[What is expected] Once the pictures are set aside, copy everything else in the records exactly.
Data START
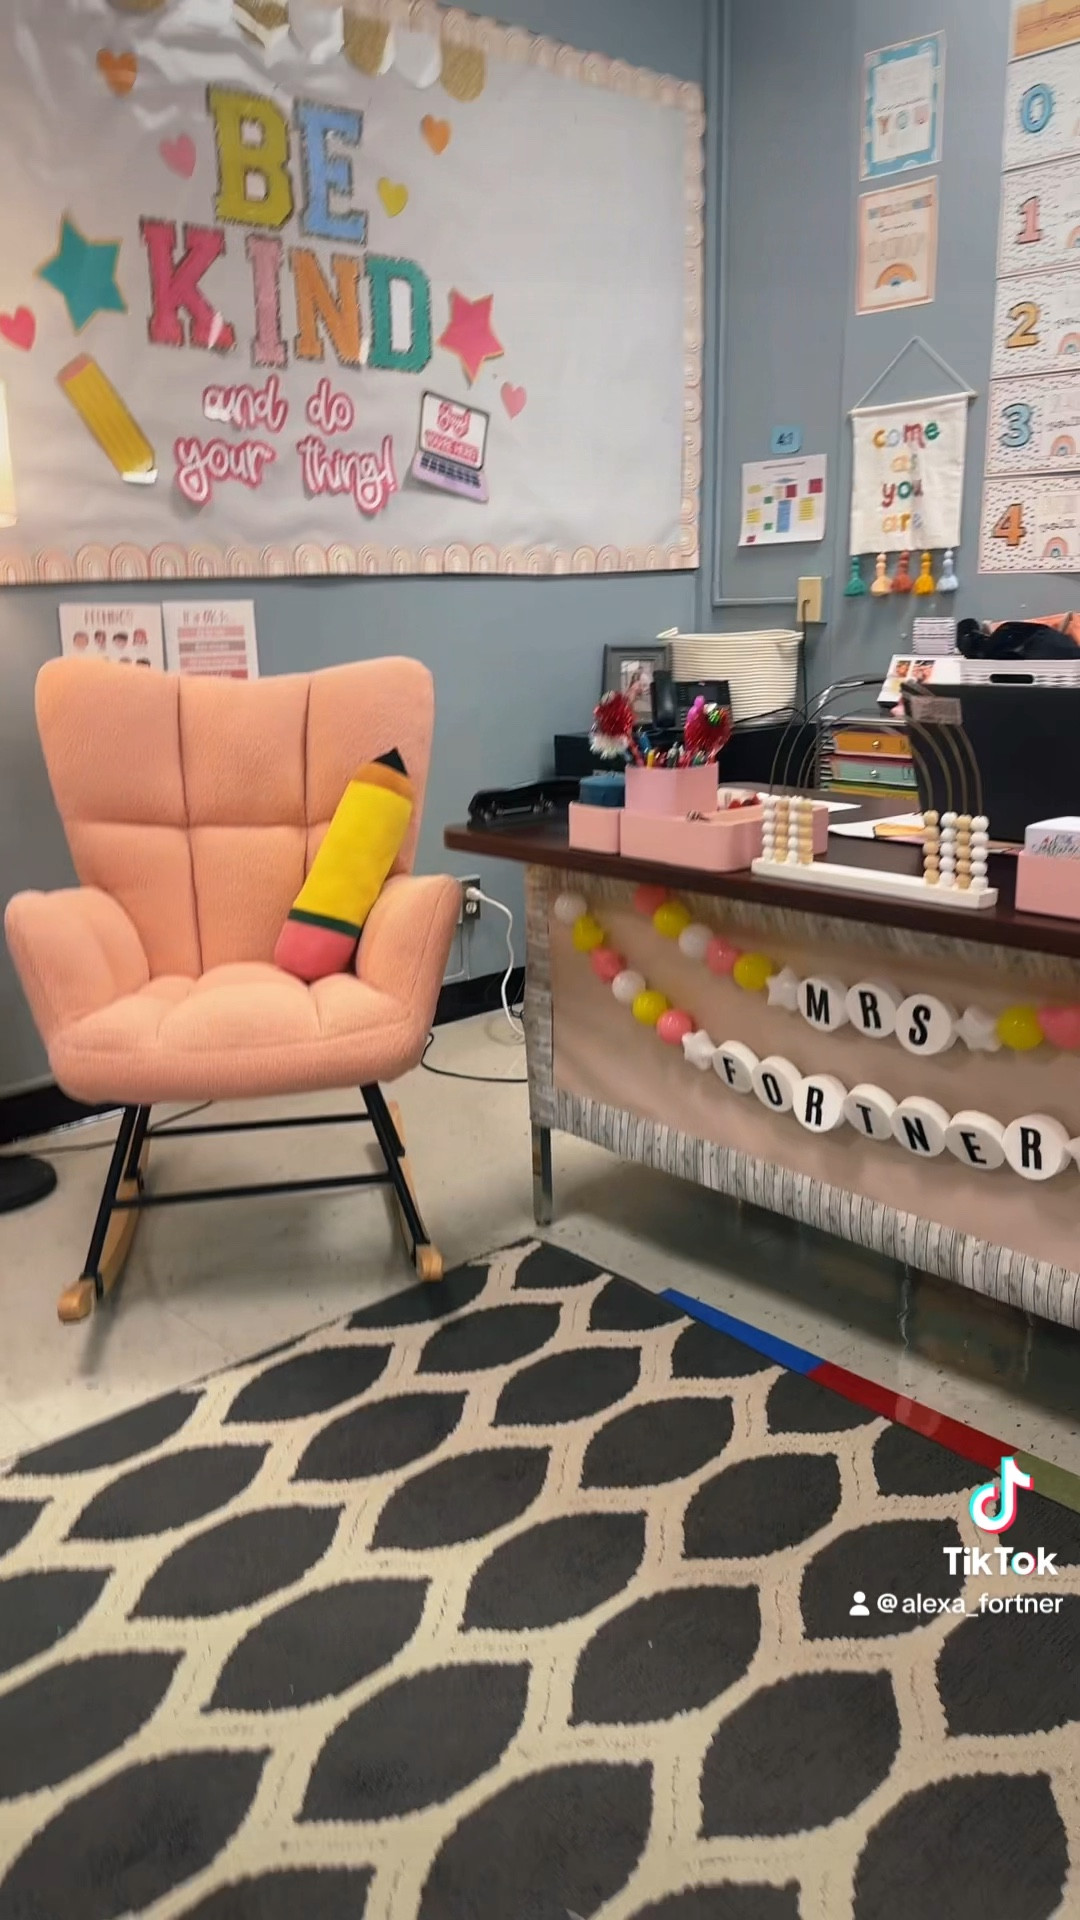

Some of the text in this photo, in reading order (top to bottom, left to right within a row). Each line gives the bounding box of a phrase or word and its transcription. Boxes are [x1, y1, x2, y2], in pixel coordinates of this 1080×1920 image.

[1020, 83, 1054, 134] 0
[206, 82, 367, 247] BE
[1015, 195, 1042, 245] 1
[139, 215, 432, 374] KIND
[1005, 301, 1040, 349] 2
[203, 374, 354, 434] and do
[1000, 402, 1033, 448] 3
[872, 422, 941, 449] come
[174, 436, 277, 507] your
[296, 434, 398, 514] thing!
[891, 453, 918, 474] as
[882, 479, 924, 508] you
[882, 512, 924, 533] are
[992, 502, 1027, 548] 4
[805, 982, 932, 1046] MRS
[721, 1056, 1043, 1171] FORTNER
Data END
[Result of this task]
Some of the text in this photo, in reading order (top to bottom, left to right within a row). Each line gives the bounding box of a phrase or word and its transcription. Boxes are [x1, y1, x2, y2], in pixel coordinates of this 1080×1920 image.

[1020, 83, 1054, 134] 0
[206, 82, 367, 247] BE
[1015, 195, 1042, 245] 1
[139, 215, 432, 374] KIND
[1005, 301, 1040, 349] 2
[203, 374, 354, 434] and do
[1000, 402, 1033, 448] 3
[872, 422, 941, 449] come
[174, 436, 277, 507] your
[296, 434, 398, 514] thing!
[891, 453, 918, 474] as
[882, 479, 924, 508] you
[882, 512, 924, 533] are
[992, 502, 1027, 548] 4
[805, 982, 932, 1046] MRS
[721, 1056, 1043, 1171] FORTNER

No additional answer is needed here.